Think back to a time when your solution wasn’t working as expected. Maybe your users experienced poor performance when updating a record that had numerous Apex triggers, or an integration with the Salesforce REST API was overwhelmed by a high volume of calls due to an event. These experiences may be anywhere from minor inconveniences to a complete service outage for your users. The good news: often these limited availability incidents are preventable through thinking ahead and coding efficiently with availability and resilience at the top of your mind.
What is availability?
Availability is the percentage of time that a service successfully handles requests. Salesforce measures and tracks this percentage to make sure that our servers and services are highly available to every customer.
While server and service availability is critical to Salesforce — customer-experienced availability is even more so — which directly relates to how users experience Salesforce. For example, can users log in to your org and update records quickly and reliably? Is data being updated through APIs efficiently without errors?
Customer-experienced availability is tricky to measure since every org, user, and company is unique. A user’s experience can vary greatly depending on many factors, such as Apex code and Lightning component design, geographic region, and network connection. Despite the variability of these factors, Salesforce considers availability a top priority as a part of our core value of trust.
Why should I care about availability?
Availability, or lack thereof, affects everyone: you, your users, and your company. A highly available org means that your users are able to continue their responsibilities while supporting your company’s growth. An org that performs poorly or unreliably creates frustrations and, in extreme cases, could financially or reputationally affect your company.

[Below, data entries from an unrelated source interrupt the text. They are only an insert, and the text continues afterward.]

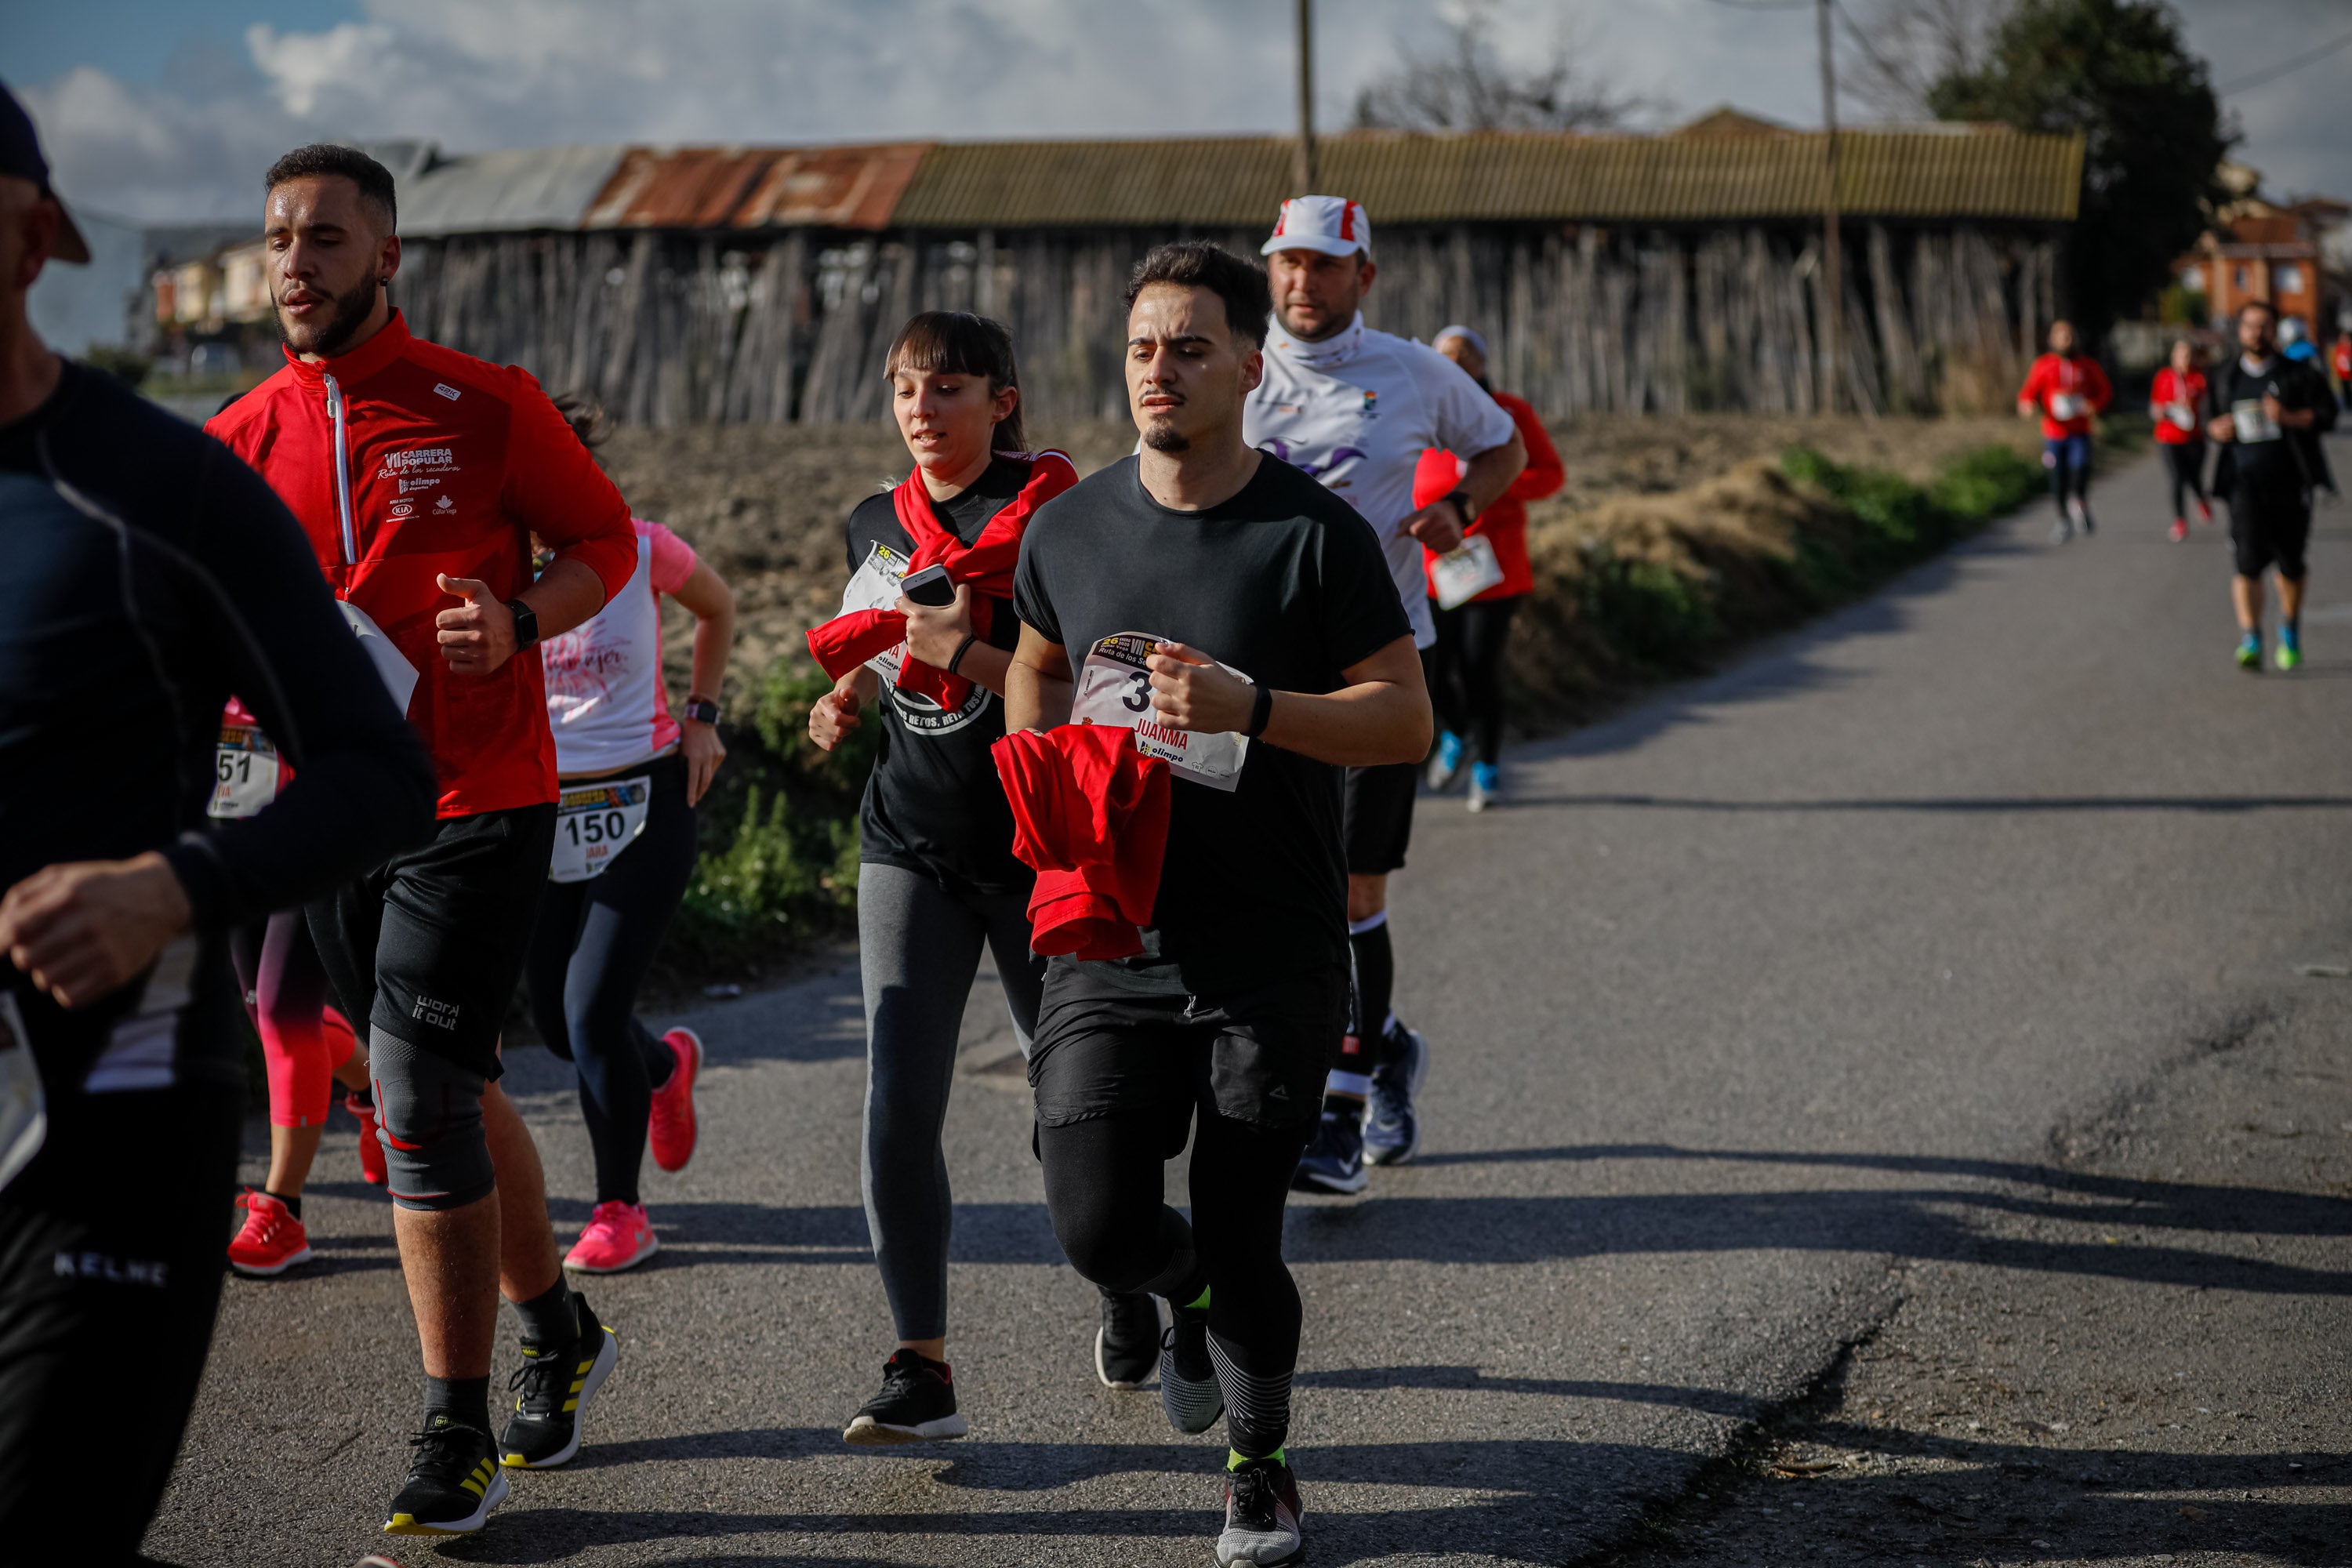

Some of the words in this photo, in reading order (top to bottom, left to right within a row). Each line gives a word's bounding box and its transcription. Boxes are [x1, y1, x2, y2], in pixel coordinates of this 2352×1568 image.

[437, 386, 457, 397] 42K
[385, 452, 401, 469] VII
[401, 448, 452, 459] CARRERA
[401, 456, 452, 466] POPULAR
[378, 469, 397, 479] Ruta
[400, 466, 409, 475] de
[412, 465, 423, 474] los
[426, 463, 461, 473] secaderos
[410, 477, 440, 486] olimpo
[878, 546, 891, 560] 26
[1102, 637, 1120, 646] 26
[1131, 638, 1145, 655] VII
[1126, 653, 1136, 662] los
[1123, 671, 1152, 712] 3
[909, 713, 940, 728] RETOS,
[1134, 718, 1188, 750] JUANMA
[1152, 747, 1184, 762] olimpo
[218, 753, 251, 784] 51
[565, 811, 625, 846] 150
[416, 995, 459, 1018] work
[412, 1004, 423, 1020] it
[426, 1012, 456, 1031] out

As a developer, how you code your Salesforce solution has a direct impact on your users’ experience. It’s important that your code not only satisfies functional and business requirements, but that your users can confidently interact with and execute the code you wrote, whenever they need it.
What common availability anti-patterns should I avoid?

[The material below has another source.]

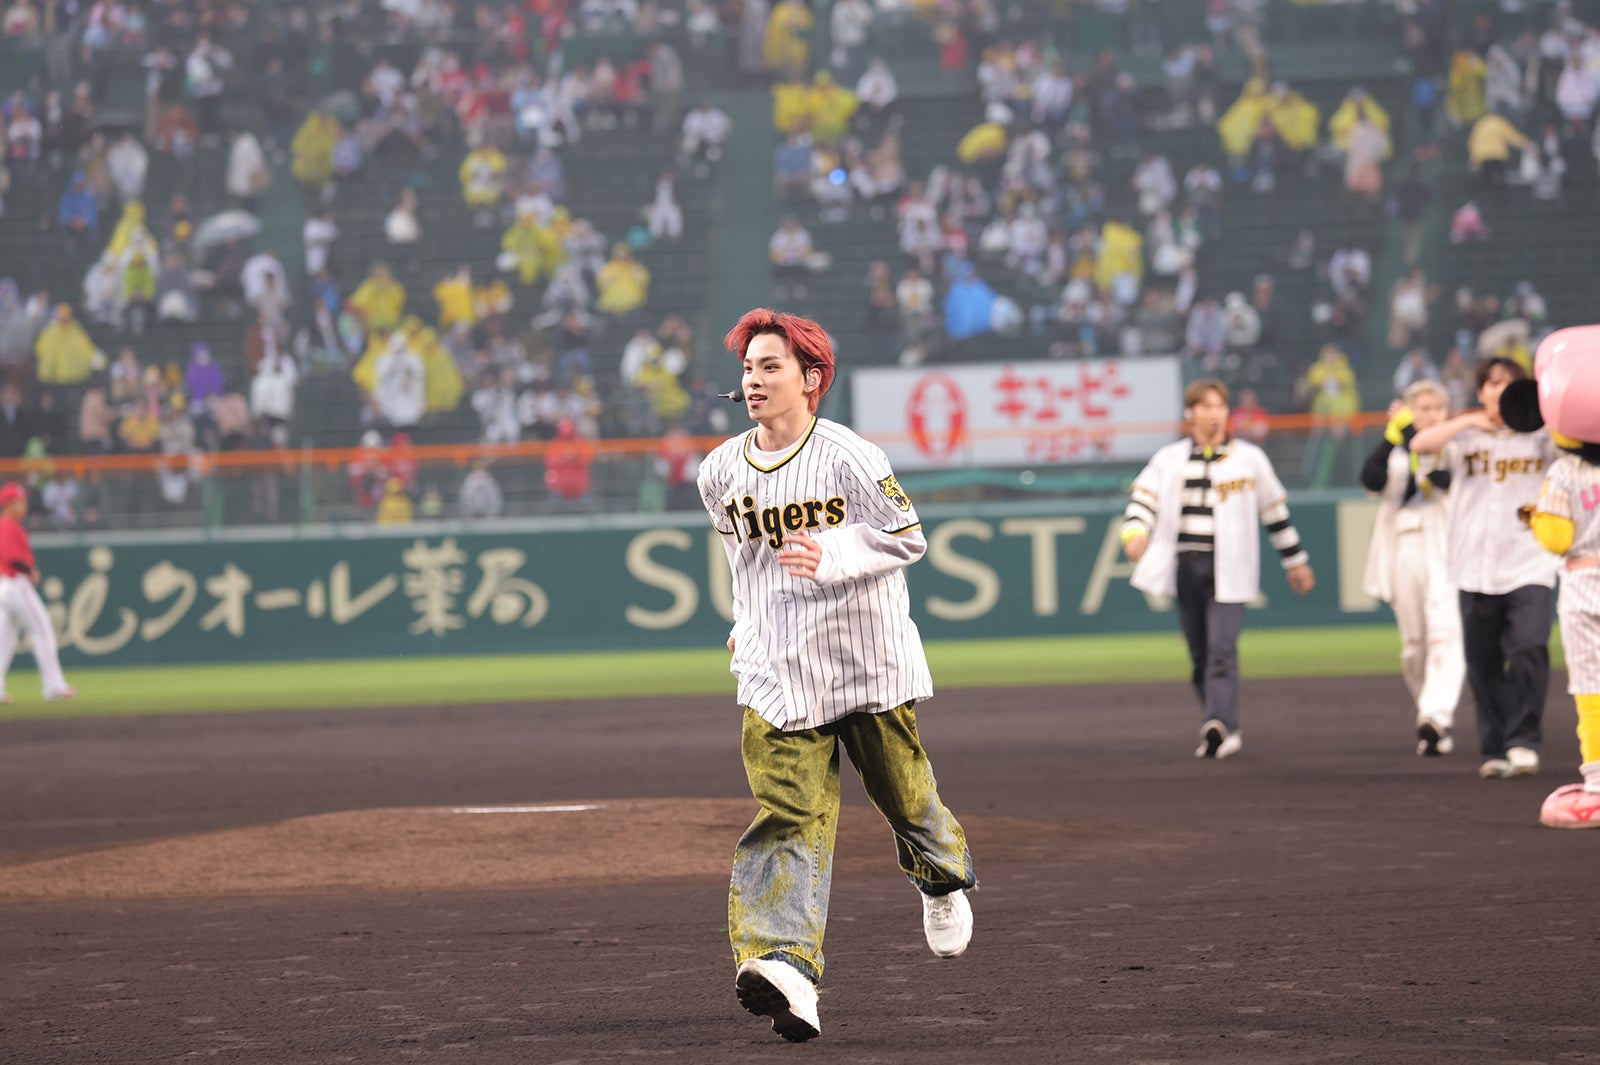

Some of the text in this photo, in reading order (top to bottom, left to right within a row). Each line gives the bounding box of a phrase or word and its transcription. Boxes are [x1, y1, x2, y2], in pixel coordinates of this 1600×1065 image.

As a developer, be on the lookout for these common anti-patterns and ask critical questions to avoid them.
Anti-pattern #1: Brittle integration designs
While it’s easy to focus on the “happy path” of an integration and code something simple, how does your integration hold up against exceptions or under pressure? Here are a few common questions to ask before coding an integration:
- What is the expected volume of data that will go through the integration, and at what rate? The Salesforce REST API can insert or update 200 records at a time. Making one API call to update 200 records is much faster and uses much less server capacity than having 200 API calls updating one record each.
- Can your integration switch between the REST and Bulk API depending on the volume and rate of data coming in?
- What if validation, trigger, or Flow logic changes in Salesforce in the future and then rejects the record update in the API?
- What if Salesforce is down for maintenance? Can the integration hold pending API calls and reprocess them when Salesforce is available? Can the backlog efficiently handle the high volume of transactions?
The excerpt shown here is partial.